§ WHAT YOU HAVE TO DO:
Copy out every entry precisely.

==== RECORD EXTRACTS ====

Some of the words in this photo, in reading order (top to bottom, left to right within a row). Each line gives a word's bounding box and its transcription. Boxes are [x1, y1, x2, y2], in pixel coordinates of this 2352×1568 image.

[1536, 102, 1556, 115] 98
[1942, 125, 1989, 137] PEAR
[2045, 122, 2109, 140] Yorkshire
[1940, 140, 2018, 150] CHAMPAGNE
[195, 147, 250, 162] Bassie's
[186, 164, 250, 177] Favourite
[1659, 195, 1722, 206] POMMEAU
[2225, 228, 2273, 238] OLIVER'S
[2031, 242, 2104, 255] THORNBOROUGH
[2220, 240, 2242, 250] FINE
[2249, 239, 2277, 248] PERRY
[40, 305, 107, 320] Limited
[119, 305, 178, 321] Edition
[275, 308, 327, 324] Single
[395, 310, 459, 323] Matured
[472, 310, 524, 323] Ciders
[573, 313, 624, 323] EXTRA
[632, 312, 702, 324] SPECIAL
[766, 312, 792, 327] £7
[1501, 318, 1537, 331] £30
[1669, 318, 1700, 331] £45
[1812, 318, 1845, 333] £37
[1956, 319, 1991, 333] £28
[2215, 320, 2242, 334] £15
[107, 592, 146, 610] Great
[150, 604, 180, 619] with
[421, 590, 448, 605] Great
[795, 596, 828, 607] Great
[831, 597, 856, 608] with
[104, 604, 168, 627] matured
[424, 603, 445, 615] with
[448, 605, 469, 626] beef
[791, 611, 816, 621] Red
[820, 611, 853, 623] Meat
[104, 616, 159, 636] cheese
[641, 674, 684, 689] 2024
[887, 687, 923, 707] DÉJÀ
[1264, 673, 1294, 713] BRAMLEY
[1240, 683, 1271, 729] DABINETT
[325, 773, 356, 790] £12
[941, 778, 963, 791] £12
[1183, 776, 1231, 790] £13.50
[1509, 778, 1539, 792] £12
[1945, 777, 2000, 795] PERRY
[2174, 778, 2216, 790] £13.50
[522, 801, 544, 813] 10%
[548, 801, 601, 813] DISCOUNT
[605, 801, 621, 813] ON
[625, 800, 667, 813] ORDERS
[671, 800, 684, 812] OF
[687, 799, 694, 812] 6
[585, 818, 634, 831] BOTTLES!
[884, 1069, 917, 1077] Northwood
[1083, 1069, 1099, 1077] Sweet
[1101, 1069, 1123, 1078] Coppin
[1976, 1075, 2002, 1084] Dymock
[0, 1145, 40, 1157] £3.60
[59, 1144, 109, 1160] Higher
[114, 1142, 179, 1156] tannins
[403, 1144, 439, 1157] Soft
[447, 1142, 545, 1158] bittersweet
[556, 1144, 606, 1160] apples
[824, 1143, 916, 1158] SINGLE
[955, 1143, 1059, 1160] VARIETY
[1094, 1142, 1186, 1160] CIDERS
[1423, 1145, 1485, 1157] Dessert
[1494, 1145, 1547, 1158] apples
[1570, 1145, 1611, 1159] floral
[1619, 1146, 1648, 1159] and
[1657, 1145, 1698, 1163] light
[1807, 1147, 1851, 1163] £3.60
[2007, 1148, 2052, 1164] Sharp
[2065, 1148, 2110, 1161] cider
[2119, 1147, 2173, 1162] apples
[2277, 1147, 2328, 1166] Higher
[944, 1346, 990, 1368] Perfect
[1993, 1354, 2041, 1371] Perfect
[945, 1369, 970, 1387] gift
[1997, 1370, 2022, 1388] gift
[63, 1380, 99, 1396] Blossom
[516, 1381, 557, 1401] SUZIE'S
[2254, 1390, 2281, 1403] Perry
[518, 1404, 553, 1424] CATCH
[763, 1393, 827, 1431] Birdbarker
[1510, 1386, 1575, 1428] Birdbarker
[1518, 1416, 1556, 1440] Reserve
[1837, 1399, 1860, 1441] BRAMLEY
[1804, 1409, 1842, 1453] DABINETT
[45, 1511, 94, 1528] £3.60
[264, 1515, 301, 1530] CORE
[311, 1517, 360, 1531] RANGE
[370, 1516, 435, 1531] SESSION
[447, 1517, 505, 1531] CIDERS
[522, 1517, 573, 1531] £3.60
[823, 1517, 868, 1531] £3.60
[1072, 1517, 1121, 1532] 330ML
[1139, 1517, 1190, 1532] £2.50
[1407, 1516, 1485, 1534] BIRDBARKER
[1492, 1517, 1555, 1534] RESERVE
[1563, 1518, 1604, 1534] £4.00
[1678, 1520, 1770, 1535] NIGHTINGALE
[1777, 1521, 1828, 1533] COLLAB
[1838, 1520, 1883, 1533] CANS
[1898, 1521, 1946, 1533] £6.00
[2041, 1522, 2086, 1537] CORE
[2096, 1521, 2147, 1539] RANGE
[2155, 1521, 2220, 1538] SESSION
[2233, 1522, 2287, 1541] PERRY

====

§ OUTPUT FOR THIS EXERCISE:
Some of the words in this photo, in reading order (top to bottom, left to right within a row). Each line gives a word's bounding box and its transcription. Boxes are [x1, y1, x2, y2], in pixel coordinates of this 2352×1568 image.

[1536, 102, 1556, 115] 98
[1942, 125, 1989, 137] PEAR
[2045, 122, 2109, 140] Yorkshire
[1940, 140, 2018, 150] CHAMPAGNE
[195, 147, 250, 162] Bassie's
[186, 164, 250, 177] Favourite
[1659, 195, 1722, 206] POMMEAU
[2225, 228, 2273, 238] OLIVER'S
[2031, 242, 2104, 255] THORNBOROUGH
[2220, 240, 2242, 250] FINE
[2249, 239, 2277, 248] PERRY
[40, 305, 107, 320] Limited
[119, 305, 178, 321] Edition
[275, 308, 327, 324] Single
[395, 310, 459, 323] Matured
[472, 310, 524, 323] Ciders
[573, 313, 624, 323] EXTRA
[632, 312, 702, 324] SPECIAL
[766, 312, 792, 327] £7
[1501, 318, 1537, 331] £30
[1669, 318, 1700, 331] £45
[1812, 318, 1845, 333] £37
[1956, 319, 1991, 333] £28
[2215, 320, 2242, 334] £15
[107, 592, 146, 610] Great
[150, 604, 180, 619] with
[421, 590, 448, 605] Great
[795, 596, 828, 607] Great
[831, 597, 856, 608] with
[104, 604, 168, 627] matured
[424, 603, 445, 615] with
[448, 605, 469, 626] beef
[791, 611, 816, 621] Red
[820, 611, 853, 623] Meat
[104, 616, 159, 636] cheese
[641, 674, 684, 689] 2024
[887, 687, 923, 707] DÉJÀ
[1264, 673, 1294, 713] BRAMLEY
[1240, 683, 1271, 729] DABINETT
[325, 773, 356, 790] £12
[941, 778, 963, 791] £12
[1183, 776, 1231, 790] £13.50
[1509, 778, 1539, 792] £12
[1945, 777, 2000, 795] PERRY
[2174, 778, 2216, 790] £13.50
[522, 801, 544, 813] 10%
[548, 801, 601, 813] DISCOUNT
[605, 801, 621, 813] ON
[625, 800, 667, 813] ORDERS
[671, 800, 684, 812] OF
[687, 799, 694, 812] 6
[585, 818, 634, 831] BOTTLES!
[884, 1069, 917, 1077] Northwood
[1083, 1069, 1099, 1077] Sweet
[1101, 1069, 1123, 1078] Coppin
[1976, 1075, 2002, 1084] Dymock
[0, 1145, 40, 1157] £3.60
[59, 1144, 109, 1160] Higher
[114, 1142, 179, 1156] tannins
[403, 1144, 439, 1157] Soft
[447, 1142, 545, 1158] bittersweet
[556, 1144, 606, 1160] apples
[824, 1143, 916, 1158] SINGLE
[955, 1143, 1059, 1160] VARIETY
[1094, 1142, 1186, 1160] CIDERS
[1423, 1145, 1485, 1157] Dessert
[1494, 1145, 1547, 1158] apples
[1570, 1145, 1611, 1159] floral
[1619, 1146, 1648, 1159] and
[1657, 1145, 1698, 1163] light
[1807, 1147, 1851, 1163] £3.60
[2007, 1148, 2052, 1164] Sharp
[2065, 1148, 2110, 1161] cider
[2119, 1147, 2173, 1162] apples
[2277, 1147, 2328, 1166] Higher
[944, 1346, 990, 1368] Perfect
[1993, 1354, 2041, 1371] Perfect
[945, 1369, 970, 1387] gift
[1997, 1370, 2022, 1388] gift
[63, 1380, 99, 1396] Blossom
[516, 1381, 557, 1401] SUZIE'S
[2254, 1390, 2281, 1403] Perry
[518, 1404, 553, 1424] CATCH
[763, 1393, 827, 1431] Birdbarker
[1510, 1386, 1575, 1428] Birdbarker
[1518, 1416, 1556, 1440] Reserve
[1837, 1399, 1860, 1441] BRAMLEY
[1804, 1409, 1842, 1453] DABINETT
[45, 1511, 94, 1528] £3.60
[264, 1515, 301, 1530] CORE
[311, 1517, 360, 1531] RANGE
[370, 1516, 435, 1531] SESSION
[447, 1517, 505, 1531] CIDERS
[522, 1517, 573, 1531] £3.60
[823, 1517, 868, 1531] £3.60
[1072, 1517, 1121, 1532] 330ML
[1139, 1517, 1190, 1532] £2.50
[1407, 1516, 1485, 1534] BIRDBARKER
[1492, 1517, 1555, 1534] RESERVE
[1563, 1518, 1604, 1534] £4.00
[1678, 1520, 1770, 1535] NIGHTINGALE
[1777, 1521, 1828, 1533] COLLAB
[1838, 1520, 1883, 1533] CANS
[1898, 1521, 1946, 1533] £6.00
[2041, 1522, 2086, 1537] CORE
[2096, 1521, 2147, 1539] RANGE
[2155, 1521, 2220, 1538] SESSION
[2233, 1522, 2287, 1541] PERRY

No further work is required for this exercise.